Natura quasi trasparente Elisabetta Di Maggio - Natura quasi trasparente
This publication documents a site-specific work by Elisabetta Di Maggio at the Museum Portego of the Querini Stampalia Foundation, in the framework of the Venice Biennale. Ivy plants invade the palace's private rooms and create a relationship with past and present time, placing the viewer inside a visual alienation.
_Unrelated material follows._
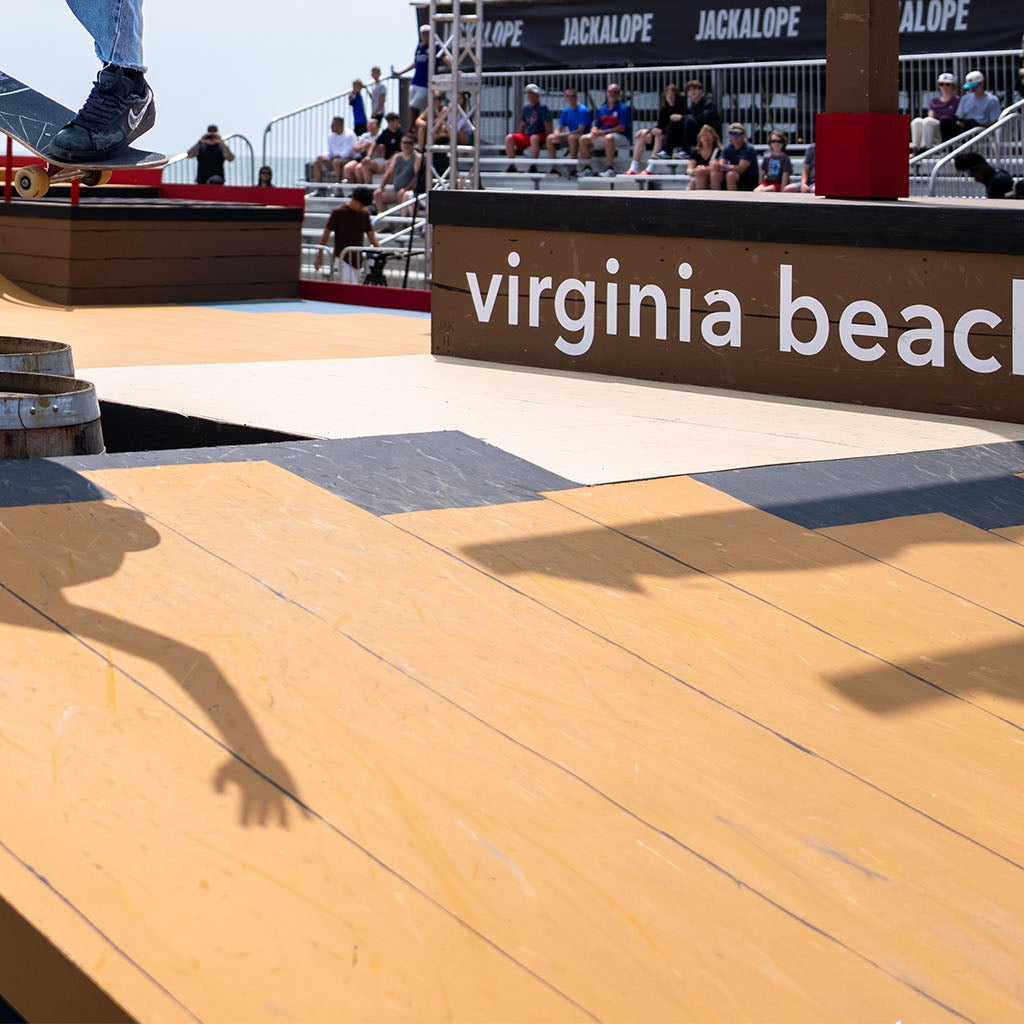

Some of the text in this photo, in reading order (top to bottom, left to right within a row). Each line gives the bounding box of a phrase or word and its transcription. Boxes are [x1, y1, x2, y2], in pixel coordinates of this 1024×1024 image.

[560, 13, 654, 46] JACKALOPE
[695, 6, 801, 41] JACKALOPE
[465, 251, 743, 356] virginia
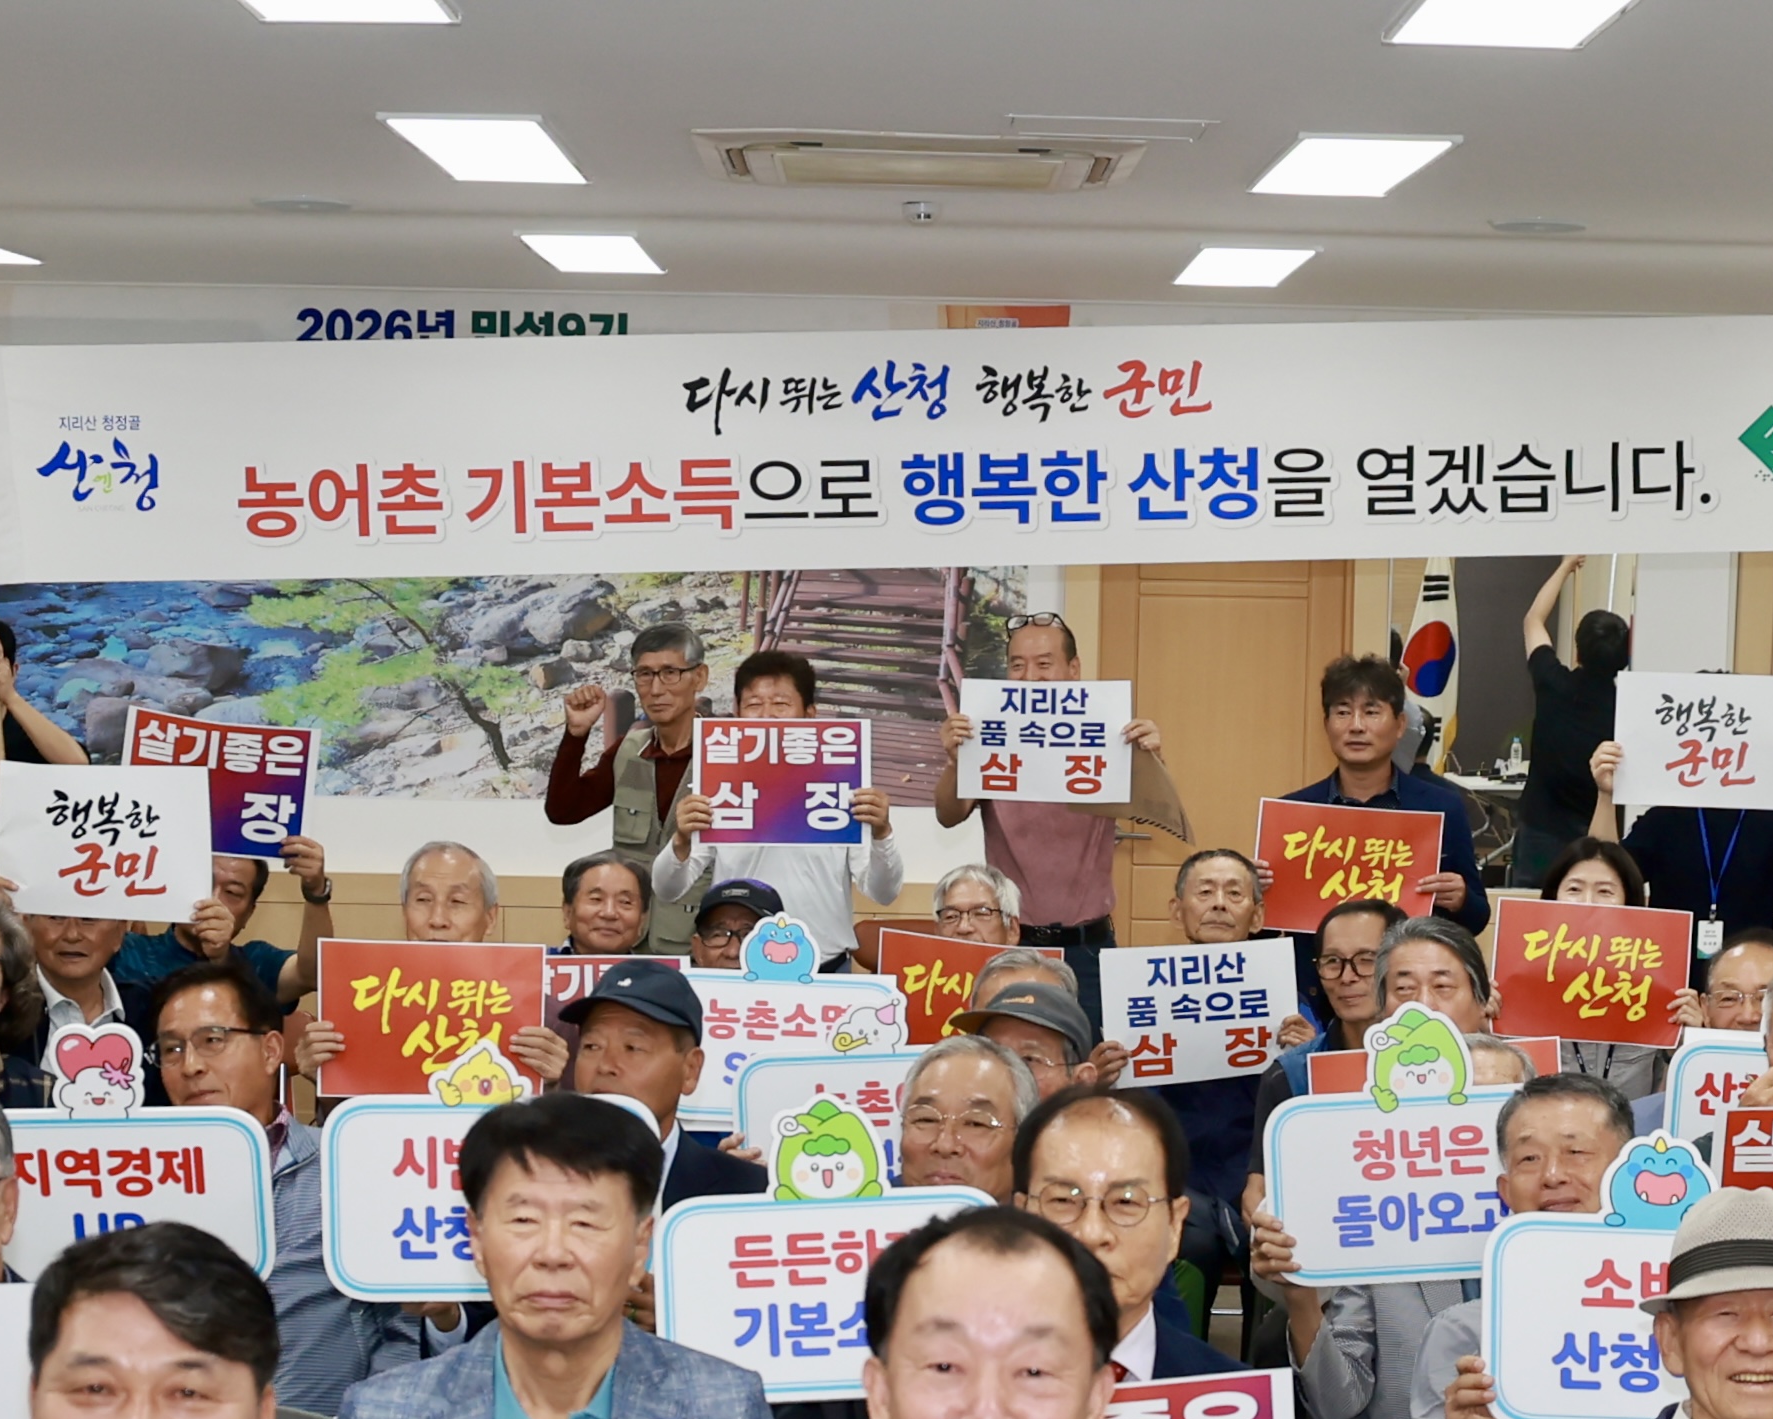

“I don't know how long we spent walking through the Museum together, contemplating it, studying it, and trying to understand where would be the best place to intervene amongst the "hubbub" of the historical works. Elisabetta Di Maggio has tried to make space and create passages she can infiltrate; she has concentrated on identifying openings through which she can penetrate the stratification of the solidified memory of the home/museum in a new way. This is how the installation Natura quasi trasparente [Almost Transparent Nature] came about. The artist has allowed ivy plants to invade the central salon of the palace, making the time that has passed visible through her action. By the time climbing plants have penetrated the interior of a place, it means that its inhabitants have abandoned it, leaving it at the mercy of nature and time. And precisely because we are dealing with a museum, a place in which the objects and works have been frozen (preserved) for centuries, the surprise and vitality of this natural invasion is even stronger. The power and exuberance of a living and germinating element transforms the crystallised space, endowing it with the possibility of unexpected meaning and new significant directions.”
Chiara Bertola
Published on the occasion of the eponymous exhibition, Fondazione Querini Stampalia, at the 57th International Exhibition of visual arts – La Biennale di Venezia, from May 10 to September 24, 2017.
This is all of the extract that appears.